The chemical structure of 4-OHE1 is a hydroxylated and oxidized form of 17β-estradiol (17β-E2). Specifically the 4th position of the estrogen ring in 17β-E2 is hydroxylated and the 17th position of the . Structural comparisons between 4-OHE1 and 17β-E2 show a congruent steroid backbone, but the additional hydroxyl group in 4-OHE1 changes its biochemical properties. 4-OHE1 exhibits enhanced carcinogenic activities within the human body as compared to 17β-E2.

== Biochemical Studies Related to 4-OHE1's Role as a Carcinogen and Neuroestrogen ==
4-OHE1 behaves similarly to 17β-E2 in electron emission processes. A study on electron emission of 17β-E2 demonstrated that 4-OHE1, as a secondary metabolite, can emit electrons in a similar mechanism post-UV excitation. Additionally, studies related to the central nervous system (CNS) observed that the hydroxylation process in 17β-E2 also occurs in cerebral enzymes.

In 2019, 4-OHE1 was detected within human urine from breast cancer patients, reinforcing its association with cancer. Moreover, 4-OHE1 has been found to confer chemotherepeutic resistance, against docetaxel.

In 2020, studies comparing 17β-E2 and hydroxy esterone revealed that 4-OHE1 contributes to the cytoplasmic translocation of p53, a key tumor suppressor protein, contributing to its role in cellular responses from stress and damage.
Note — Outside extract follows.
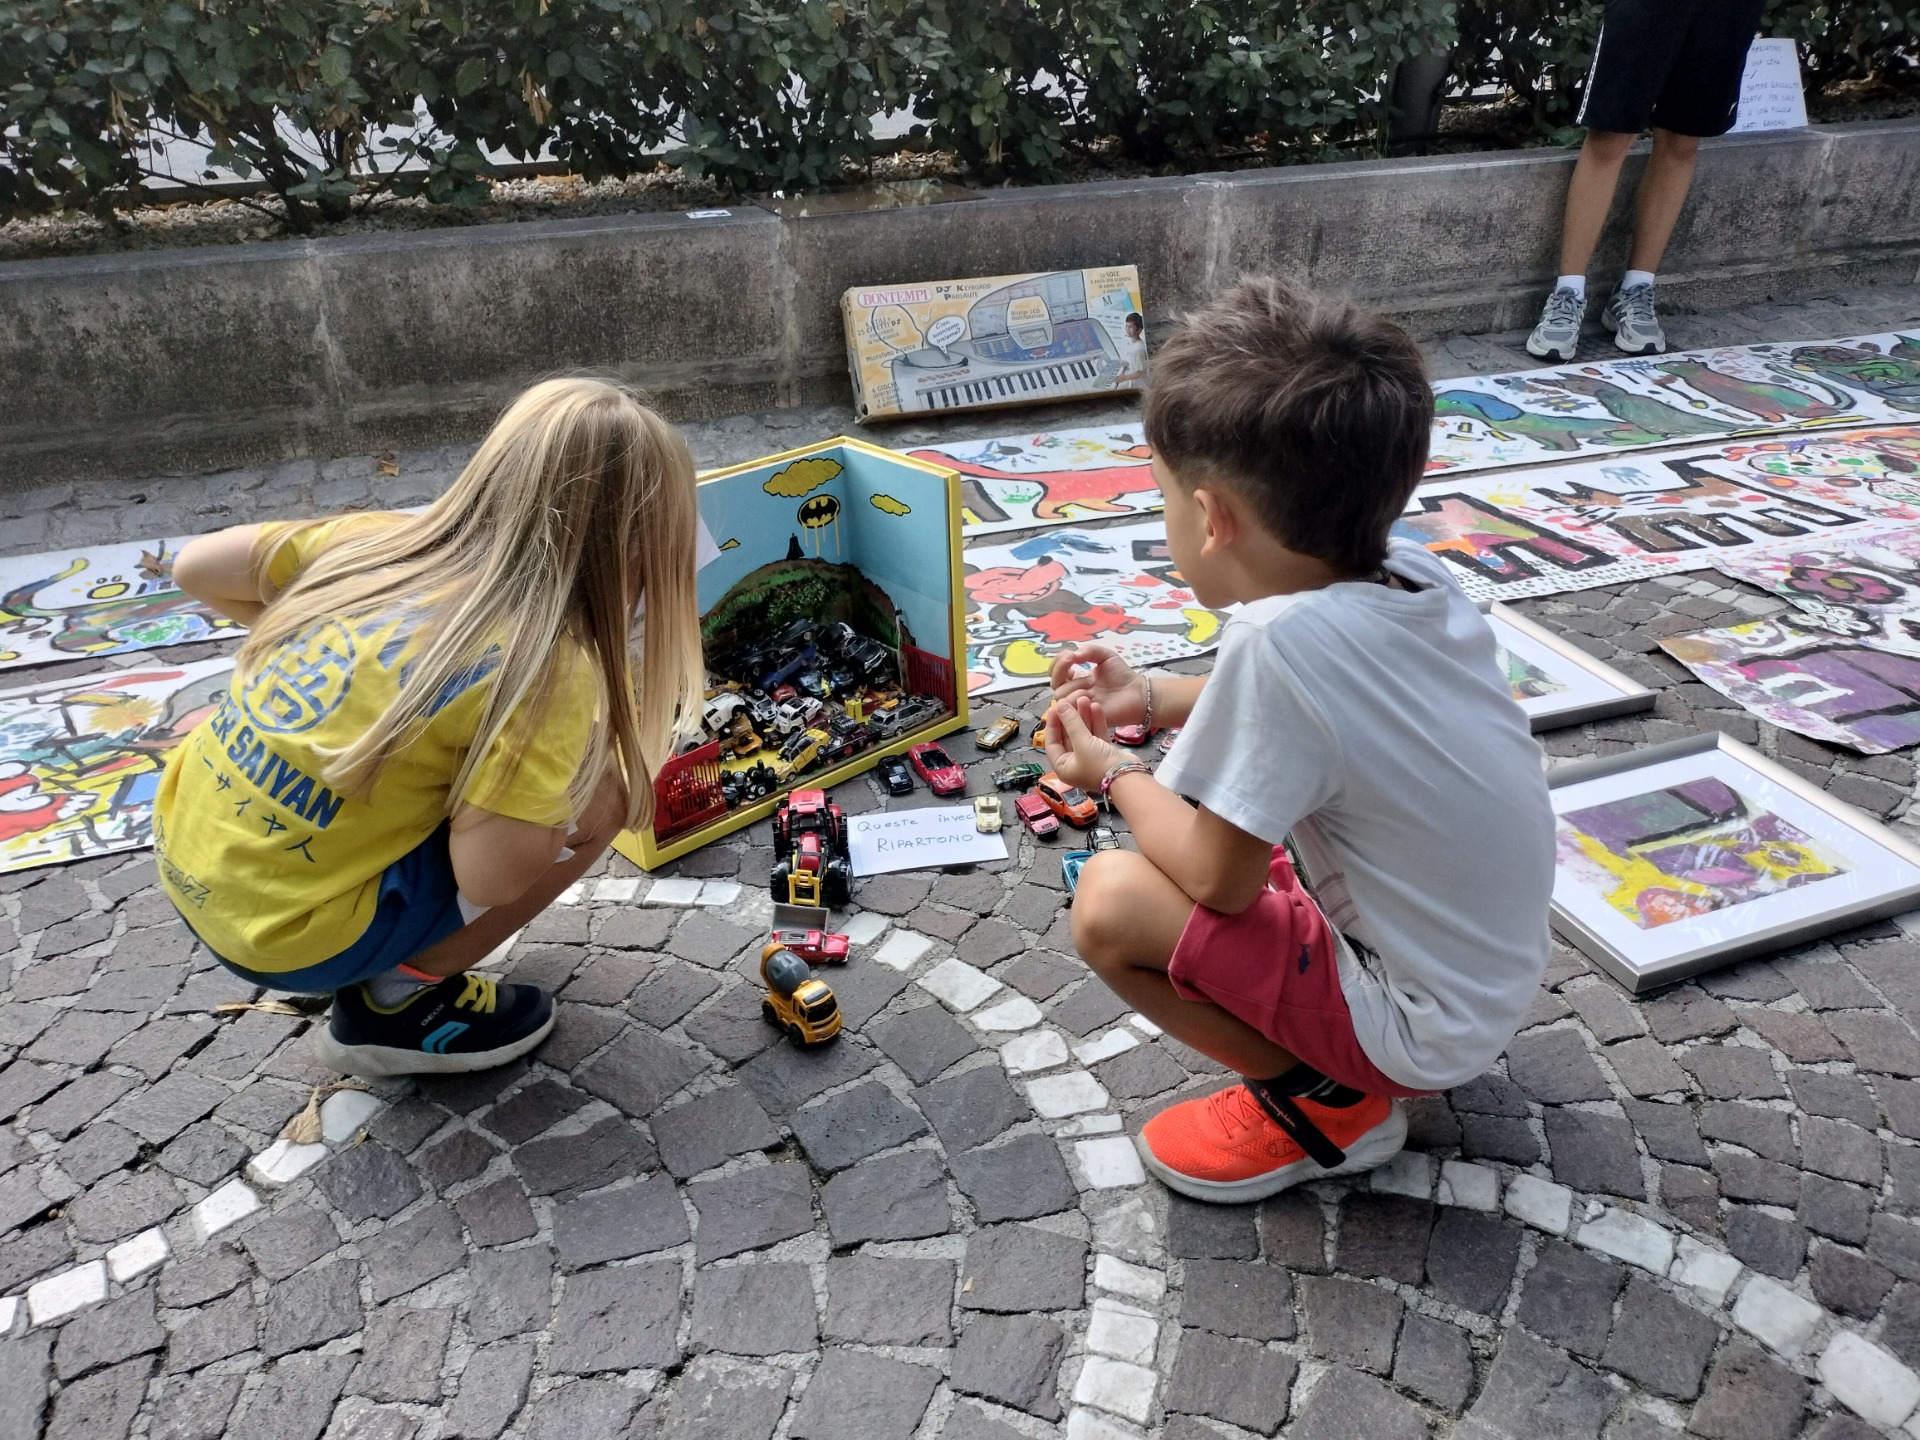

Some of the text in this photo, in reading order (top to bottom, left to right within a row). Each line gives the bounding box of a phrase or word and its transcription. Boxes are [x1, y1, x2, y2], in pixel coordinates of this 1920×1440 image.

In 2024, a study demonstrated 4-OHE1's role in cancer cell survival and its potential therapeutics for breast cancer treatment. 4-OHE1 acts as a ferroptosis inhibitor, a form of programmed cell death associated with cancer cell survival. Specifically, 4-OHE1 inhibits the protein disulfide isomerase (PDI), which is involved in the ferroptosis of specific breast cancer cells. By forming two hydrogen bonds with a crucial histidine residue in PDI, 4-OHE1 prevents cell death in these cells. Additionally, the 4-OHE1-PDI complex displays greater binding affinity but lower binding energy than a 17β-E2-PDI complex

Earlier research has indicated that natural estrogens can help protect the brain from oxidative harm. This current study aims to explore how different estrogen metabolites produced by the body can guard against neurotoxicity caused by oxidation, both in lab settings and in live subjects. When testing 25 endogenous estrogen metabolites using mouse hippocampal neuron cells, researchers found that 4-hydroxyestrone—a metabolite of estrone with minimal estrogen-like activity—was surprisingly effective at shielding neurons from oxidative stress. It even outperformed 17β-estradiol! Likewise, when looking at rats exposed to kanic acid-induced damage in their hippocampus, 4-hydroxyestrone showed a stronger protective effect compared to 17β-estradiol as well. The way it works is linked to an increase in p53 movement within cells due to SIRT1-mediated deacetylation of p53. Further examination of brain enzymes revealed that converting estrogens into their hydroxylated forms is a key metabolic route within the central nervous system. All these findings point towards 4-hydroxyestrone being a powerful neuroestrogen capable of providing significant protection against neuronal oxidative injury.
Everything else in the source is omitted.